From the first line to the last, print the material exactly, skipping the pictures.
= = = = =
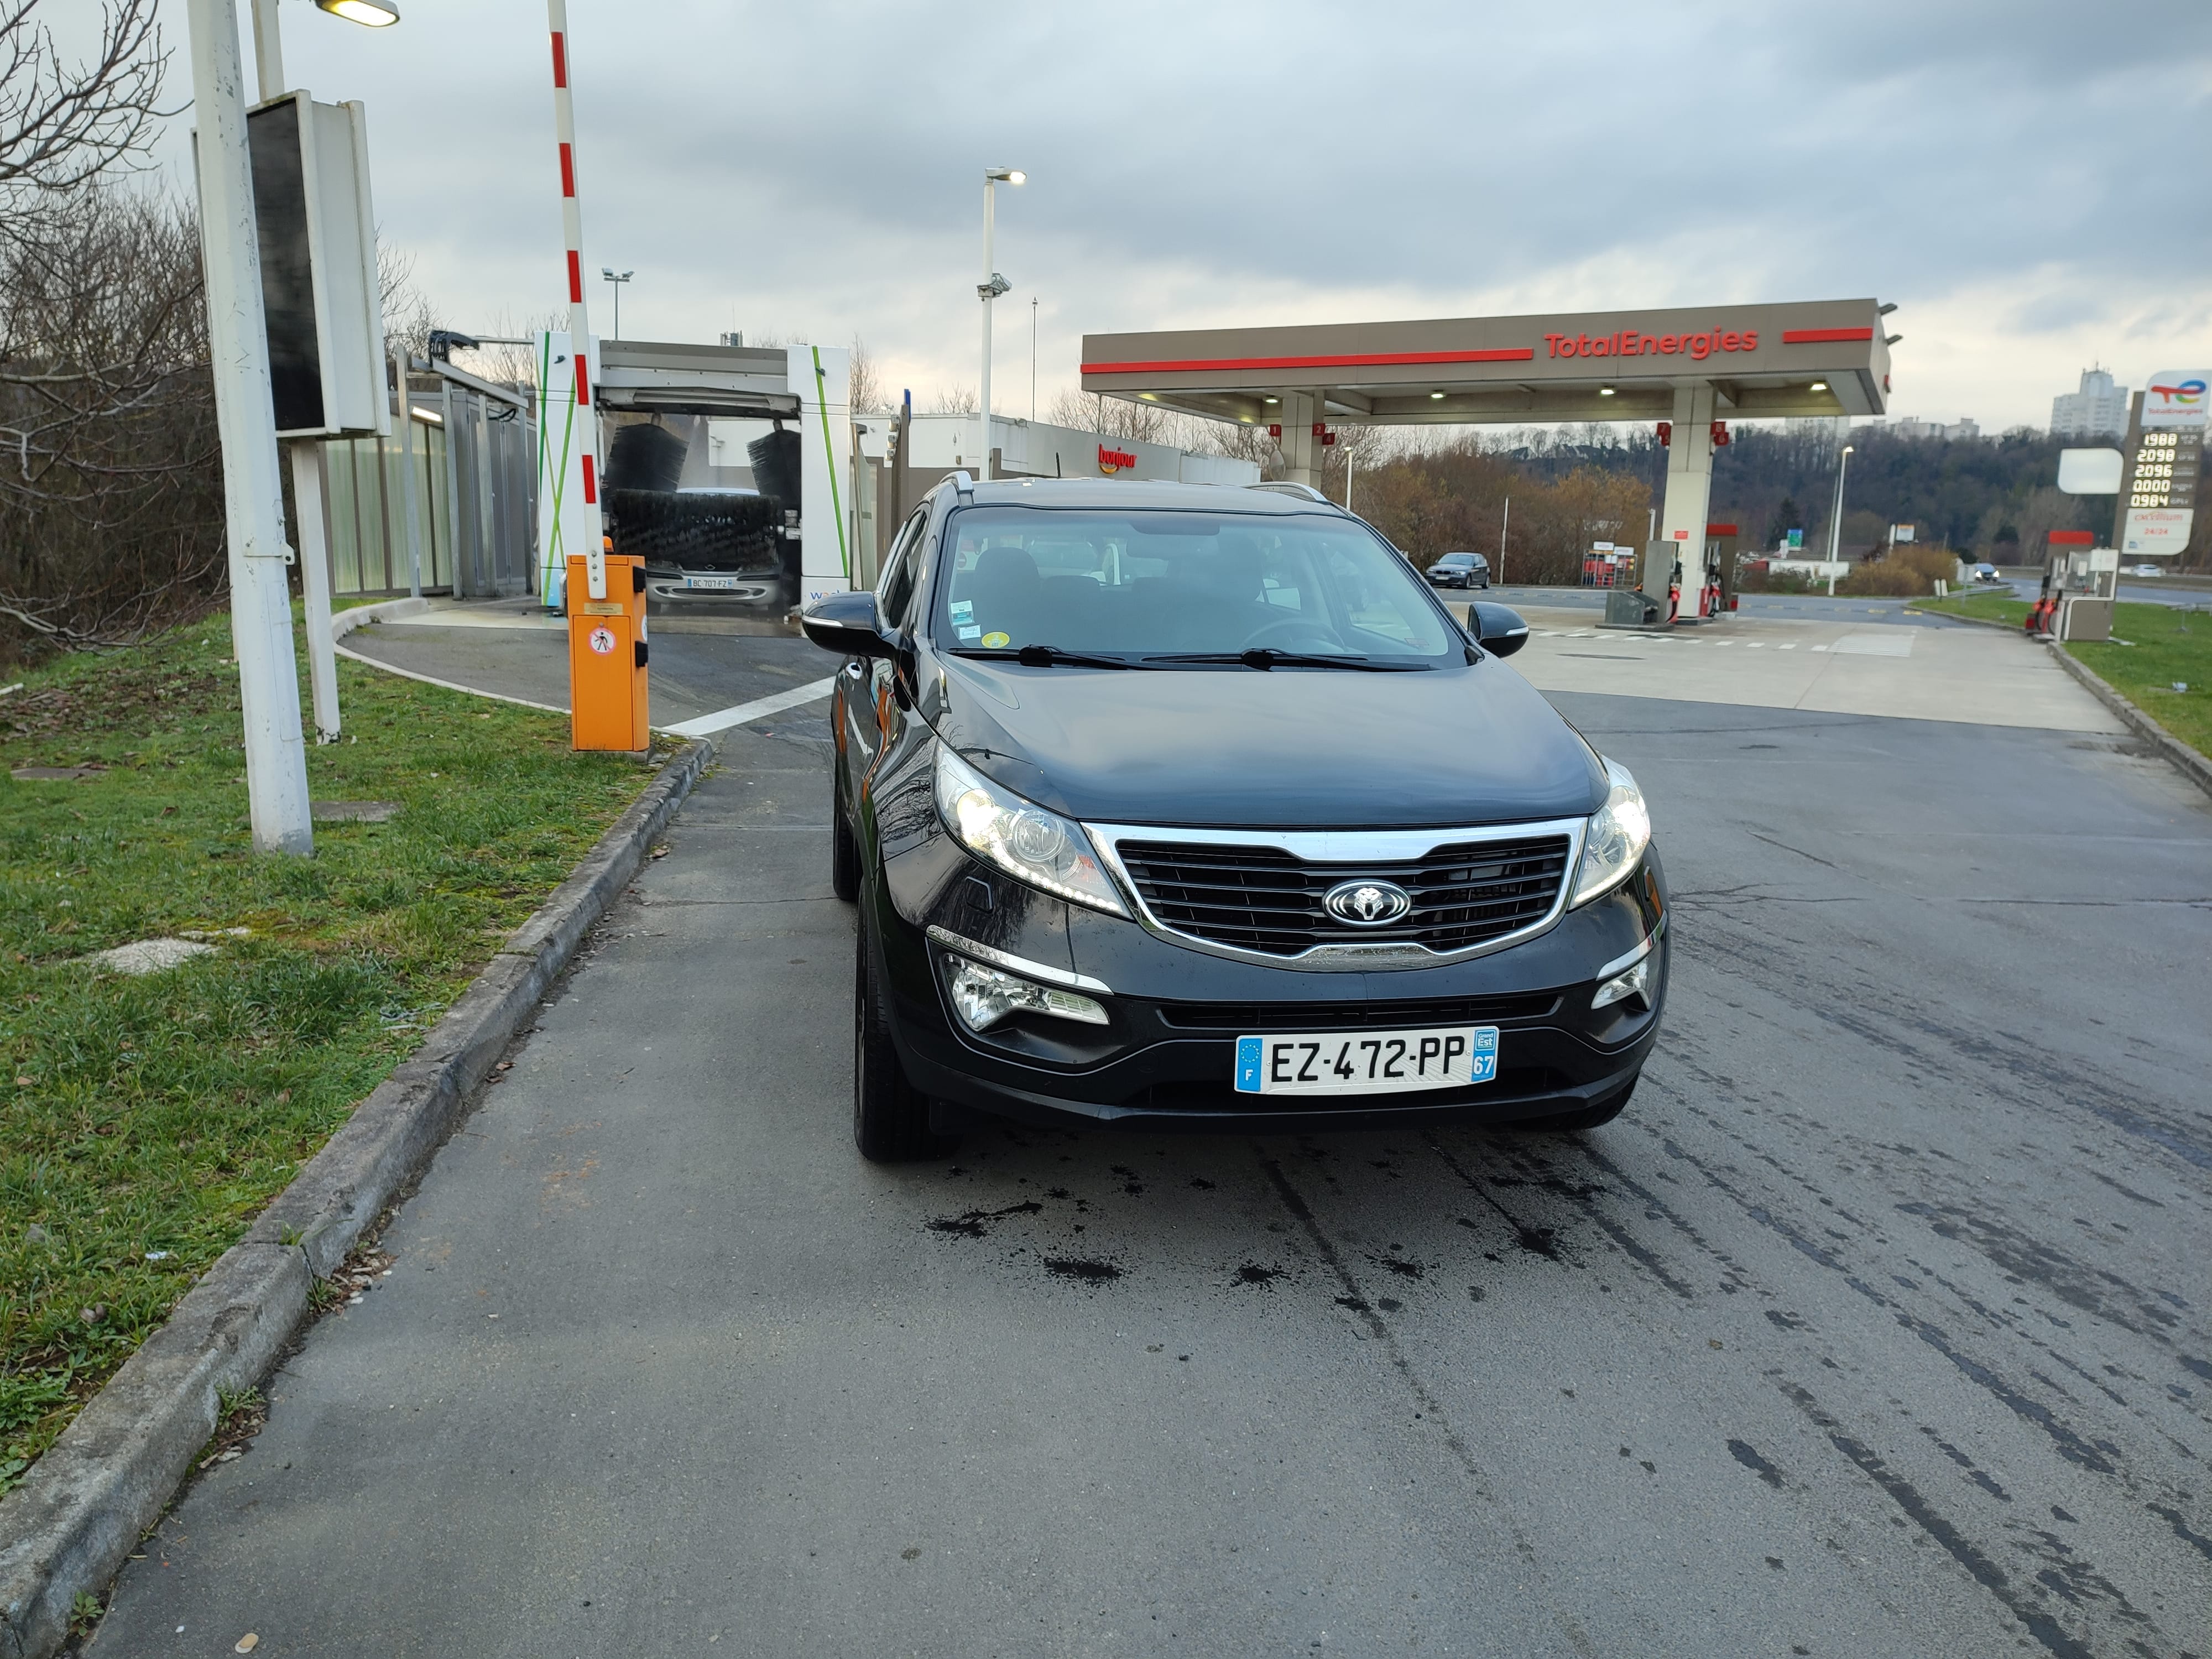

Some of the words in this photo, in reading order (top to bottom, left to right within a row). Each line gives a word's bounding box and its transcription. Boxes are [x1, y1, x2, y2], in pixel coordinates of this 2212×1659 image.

[1545, 325, 1758, 359] TotalEnergies
[1316, 425, 1321, 434] 2
[1099, 443, 1137, 471] bonjour
[1478, 1038, 1493, 1046] Est
[1271, 1035, 1465, 1082] EZ-472-PP
[1474, 1055, 1494, 1074] 67
[1245, 1069, 1254, 1081] F
= = = = =
:: Written response ::
Some of the words in this photo, in reading order (top to bottom, left to right within a row). Each line gives a word's bounding box and its transcription. Boxes are [x1, y1, x2, y2], in pixel coordinates of this 2212×1659 image.

[1545, 325, 1758, 359] TotalEnergies
[1316, 425, 1321, 434] 2
[1099, 443, 1137, 471] bonjour
[1478, 1038, 1493, 1046] Est
[1271, 1035, 1465, 1082] EZ-472-PP
[1474, 1055, 1494, 1074] 67
[1245, 1069, 1254, 1081] F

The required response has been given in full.